**Exercise prompt:** Below are records to be repeated exactly. Leave their pictures behind.

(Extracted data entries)
------------------------------------------------------------------------
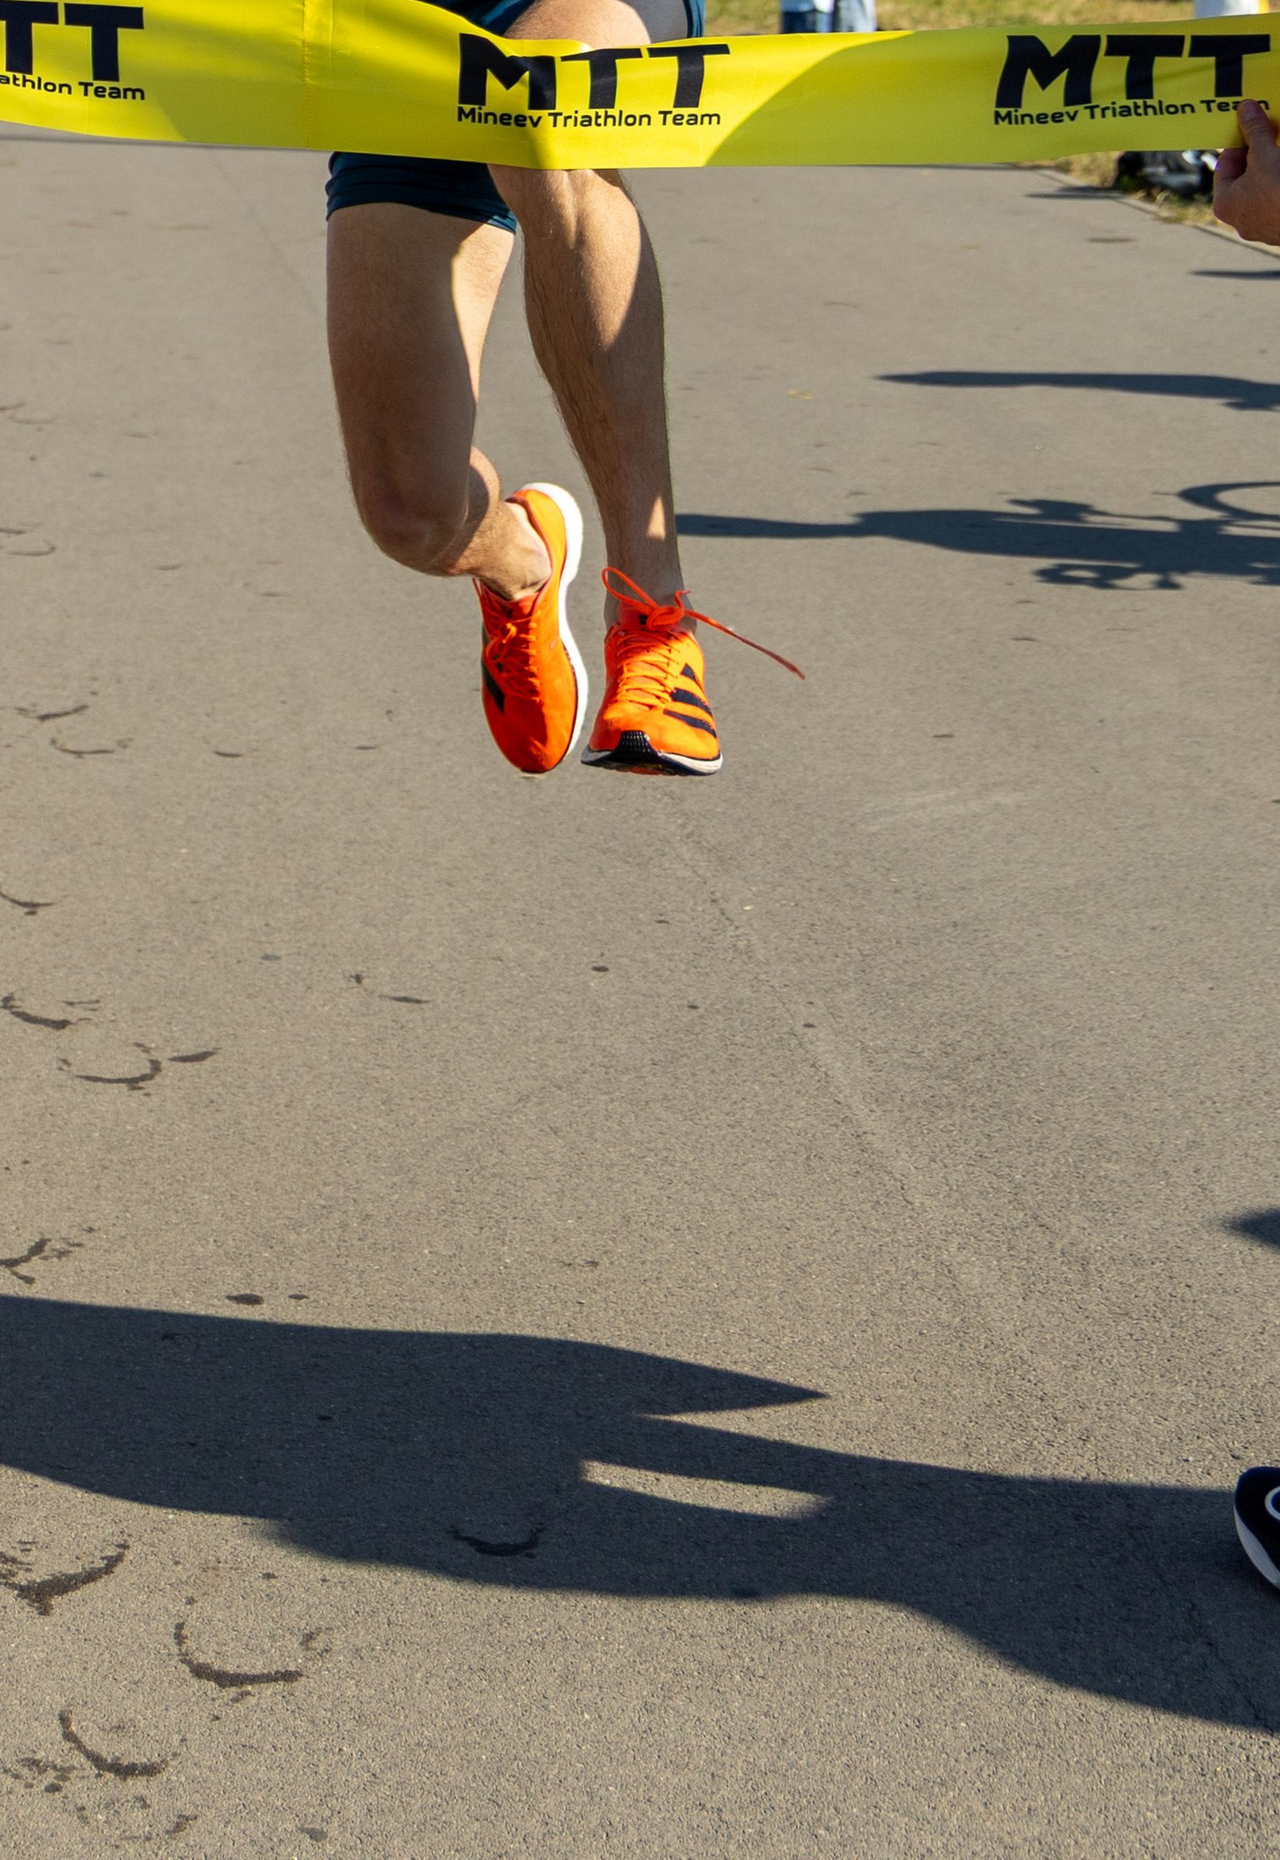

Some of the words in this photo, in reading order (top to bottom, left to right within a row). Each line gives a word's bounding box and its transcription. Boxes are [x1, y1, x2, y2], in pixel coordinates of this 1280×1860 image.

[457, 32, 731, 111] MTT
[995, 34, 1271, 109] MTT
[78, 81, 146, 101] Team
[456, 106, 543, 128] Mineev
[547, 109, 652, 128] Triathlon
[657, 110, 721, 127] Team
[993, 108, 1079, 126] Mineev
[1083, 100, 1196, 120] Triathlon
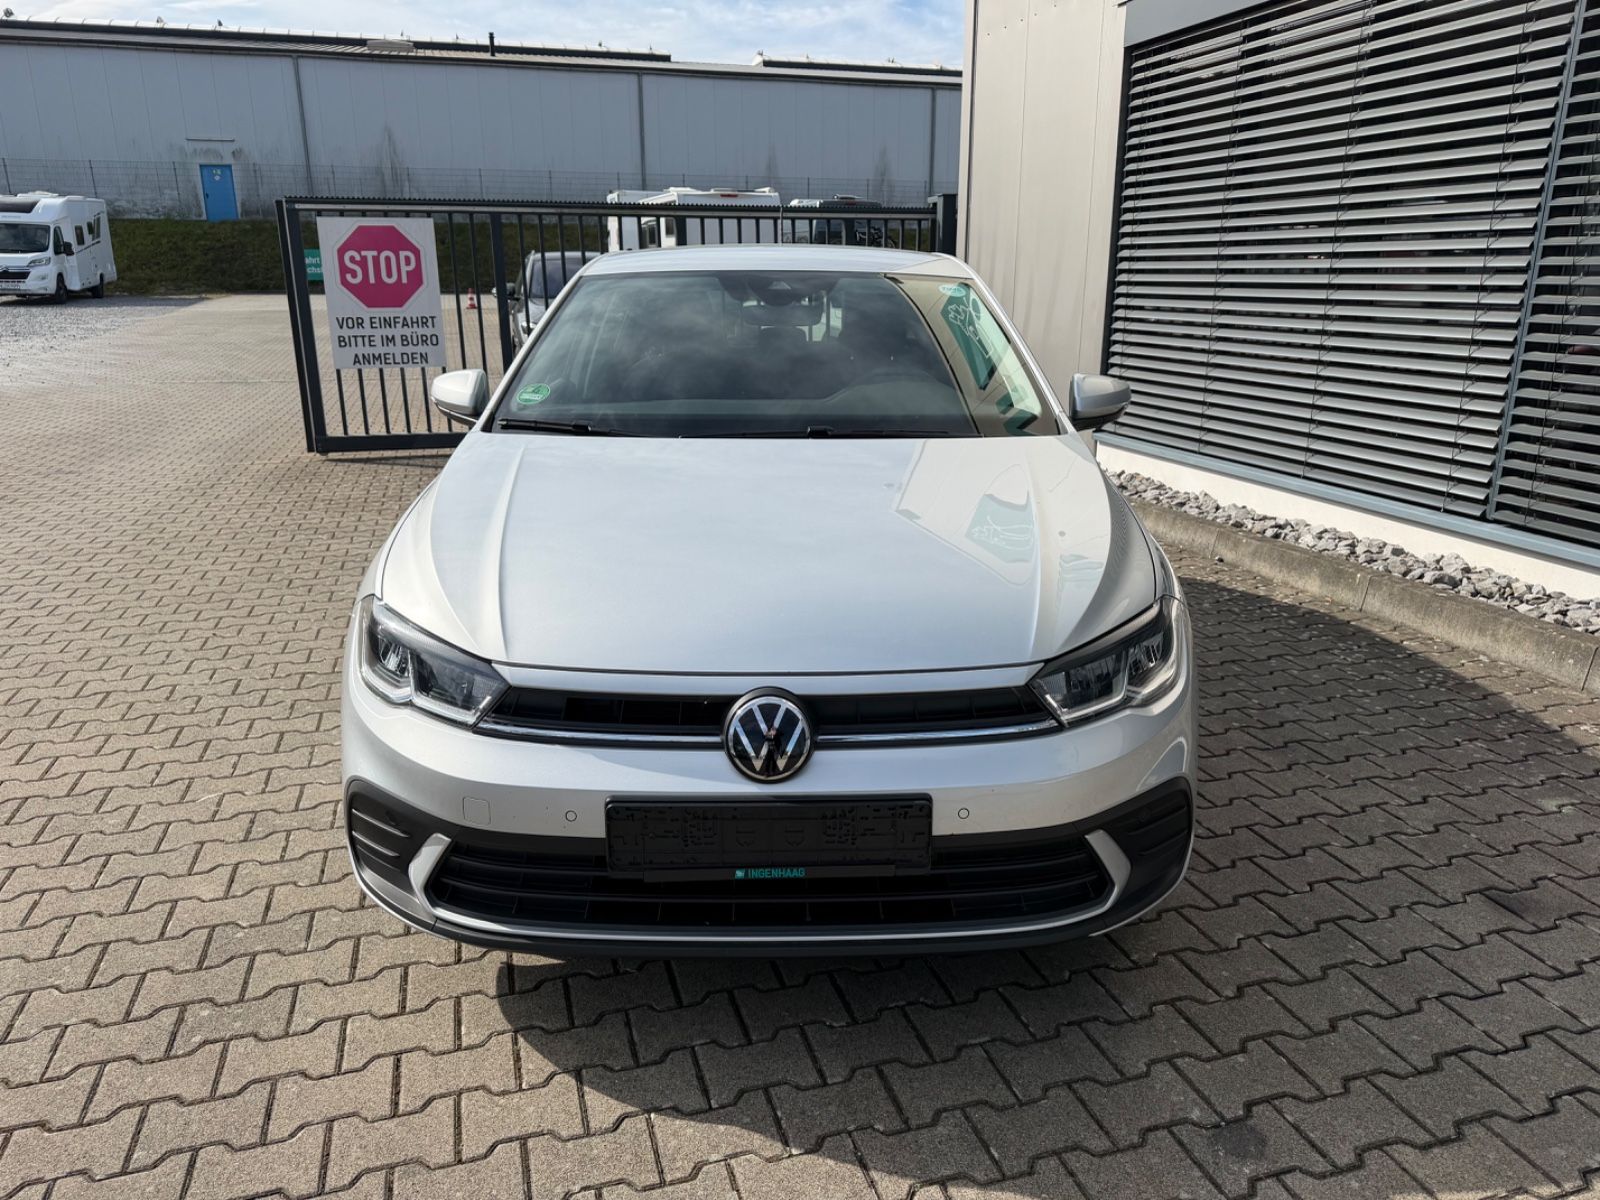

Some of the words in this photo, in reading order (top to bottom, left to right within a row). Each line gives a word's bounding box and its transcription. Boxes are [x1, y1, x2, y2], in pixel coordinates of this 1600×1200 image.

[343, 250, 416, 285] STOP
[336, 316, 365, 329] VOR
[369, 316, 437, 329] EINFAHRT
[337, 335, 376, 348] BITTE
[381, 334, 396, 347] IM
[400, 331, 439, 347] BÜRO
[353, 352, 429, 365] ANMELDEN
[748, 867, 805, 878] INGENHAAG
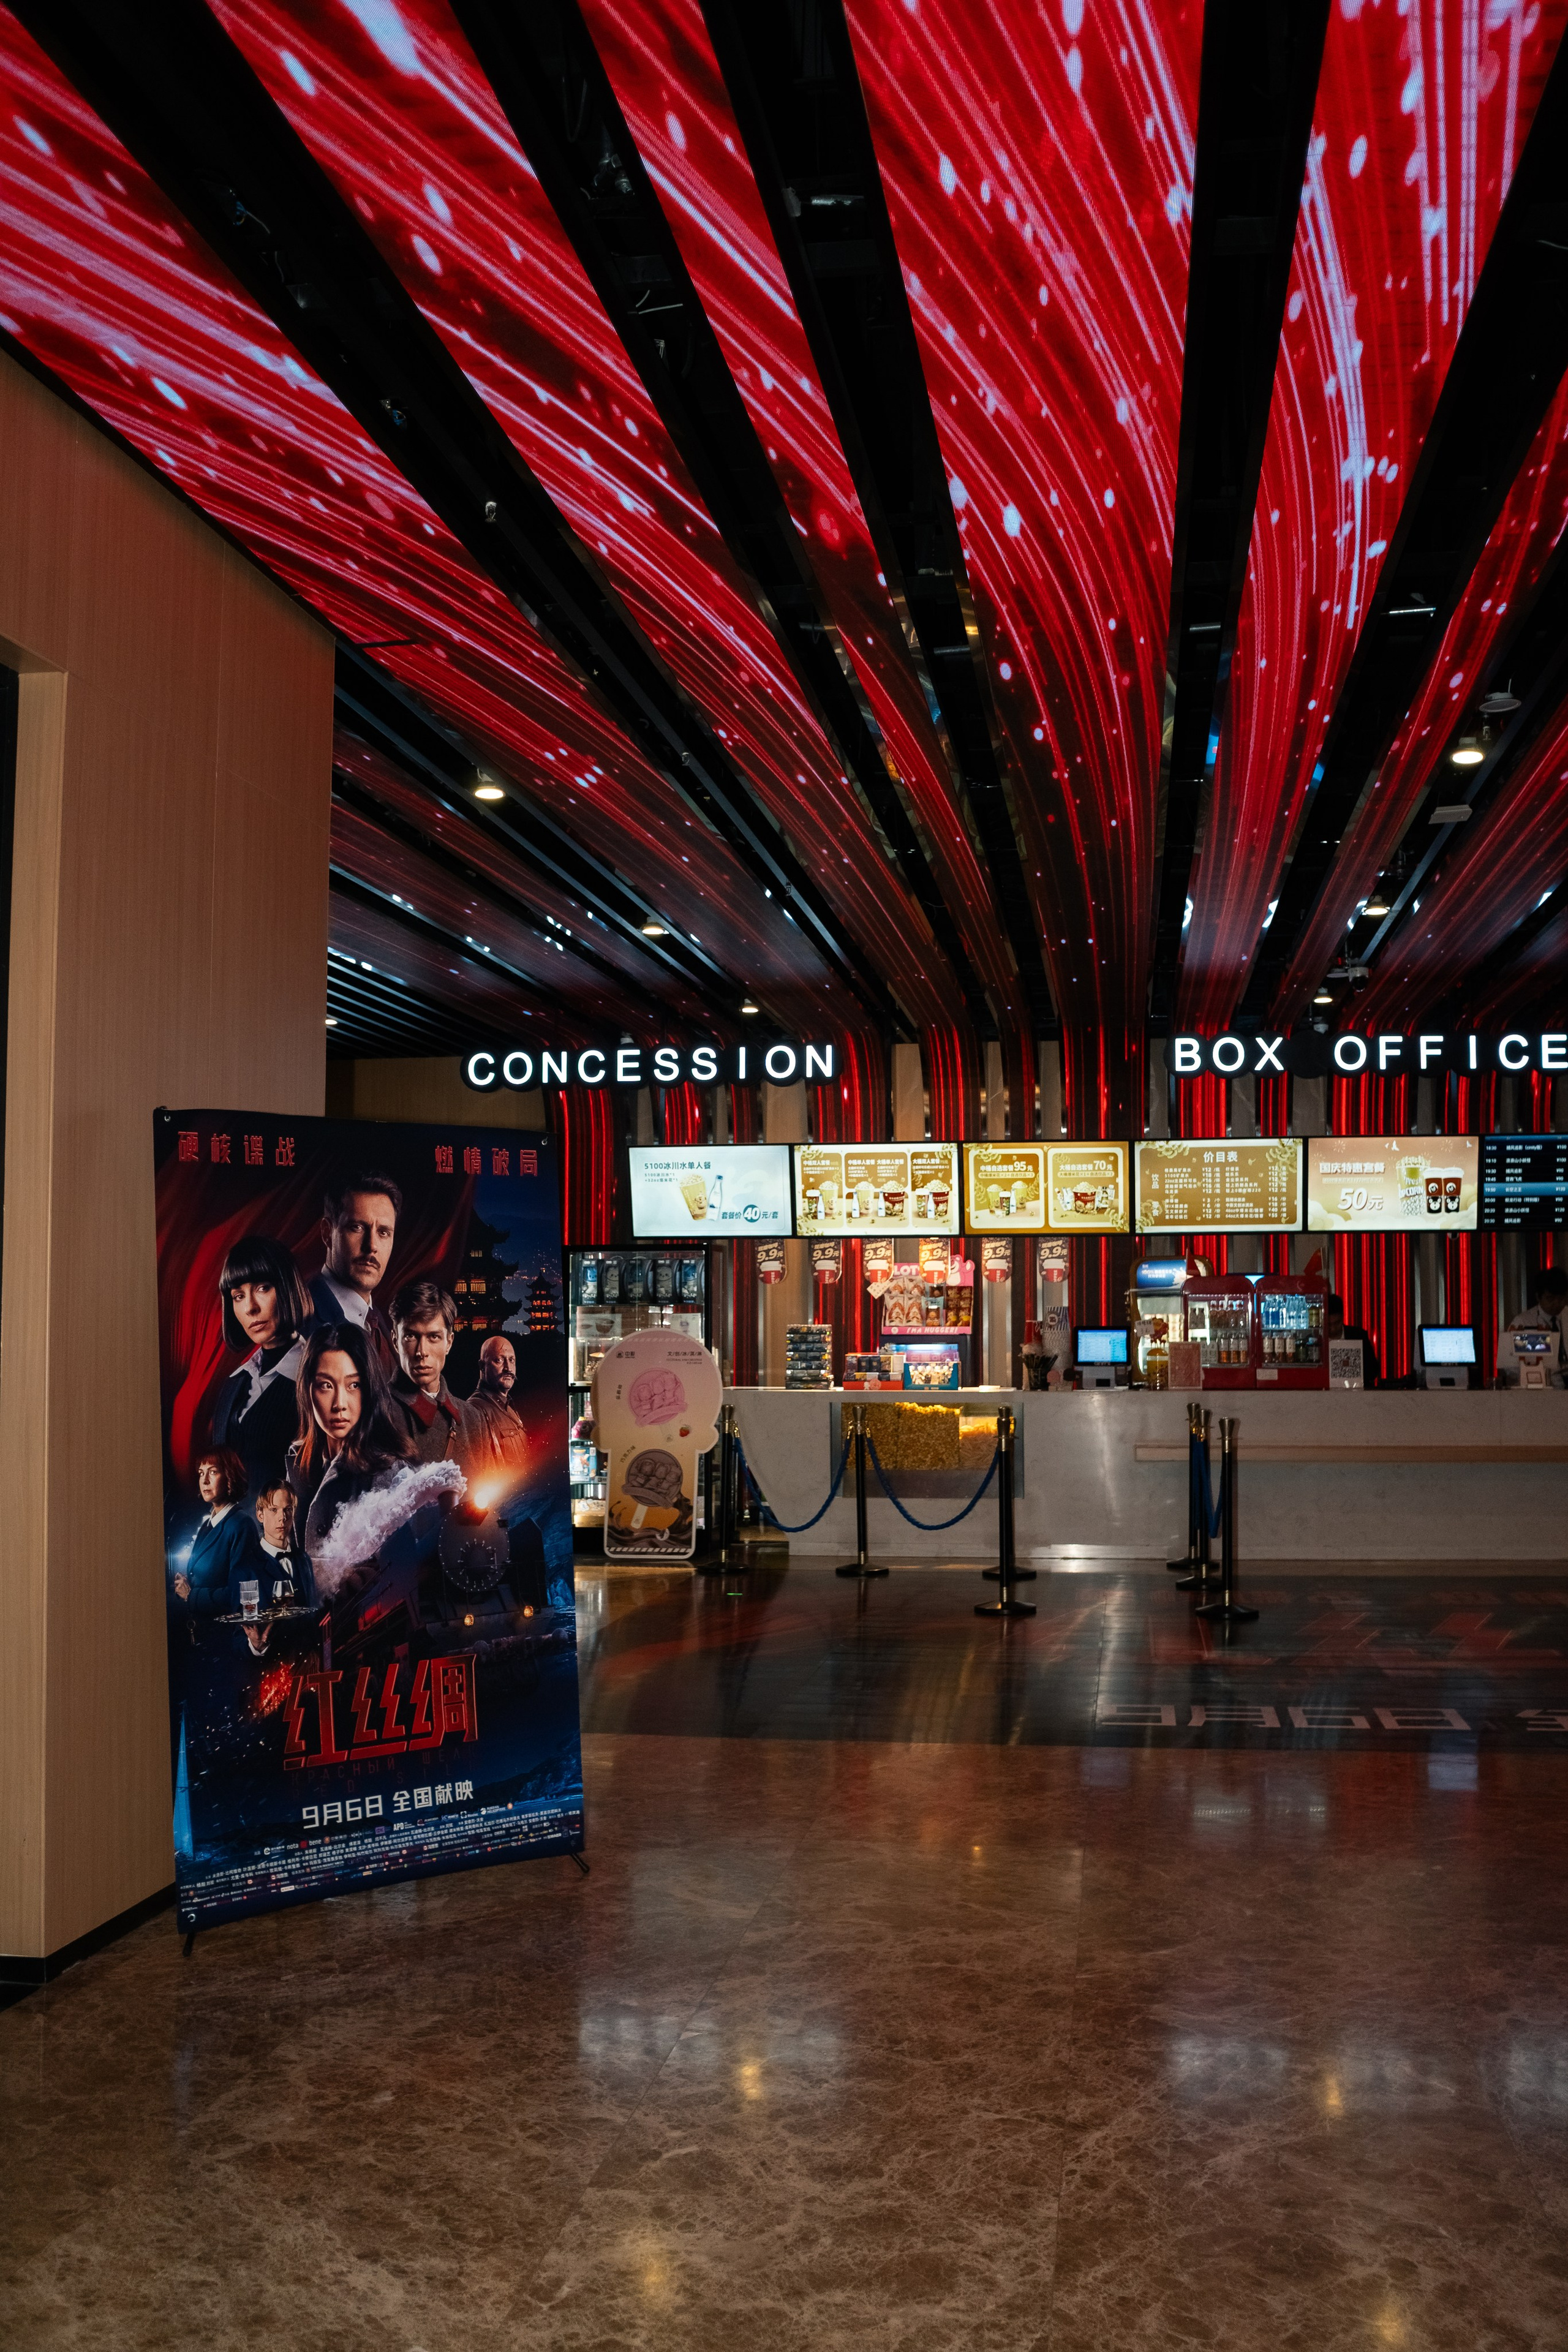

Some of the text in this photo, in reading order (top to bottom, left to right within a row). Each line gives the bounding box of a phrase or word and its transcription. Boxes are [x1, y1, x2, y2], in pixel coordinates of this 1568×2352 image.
------------------------------------------------------------------------
**Exercise response:**
Some of the words in this photo, in reading order (top to bottom, left to right within a row). Each line gives a word's bounding box and its transcription. Boxes are [x1, y1, x2, y2], in pixel coordinates of this 1280×1860 image.

[457, 32, 731, 111] MTT
[995, 34, 1271, 109] MTT
[78, 81, 146, 101] Team
[456, 106, 543, 128] Mineev
[547, 109, 652, 128] Triathlon
[657, 110, 721, 127] Team
[993, 108, 1079, 126] Mineev
[1083, 100, 1196, 120] Triathlon

Some of the words in this photo, in reading order (top to bottom, left to right within a row). Each line gives a word's bounding box and its transcription. Boxes are [x1, y1, x2, y2], in pixel coordinates of this 1600×1200 image.

[343, 250, 416, 285] STOP
[336, 316, 365, 329] VOR
[369, 316, 437, 329] EINFAHRT
[337, 335, 376, 348] BITTE
[381, 334, 396, 347] IM
[400, 331, 439, 347] BÜRO
[353, 352, 429, 365] ANMELDEN
[748, 867, 805, 878] INGENHAAG

Some of the text in this photo, in reading order (top to bottom, left to right within a row). Each line gives the bounding box of a phrase or word and its transcription. Boxes are [x1, y1, x2, y2], in pixel coordinates of this 1568×2352 image.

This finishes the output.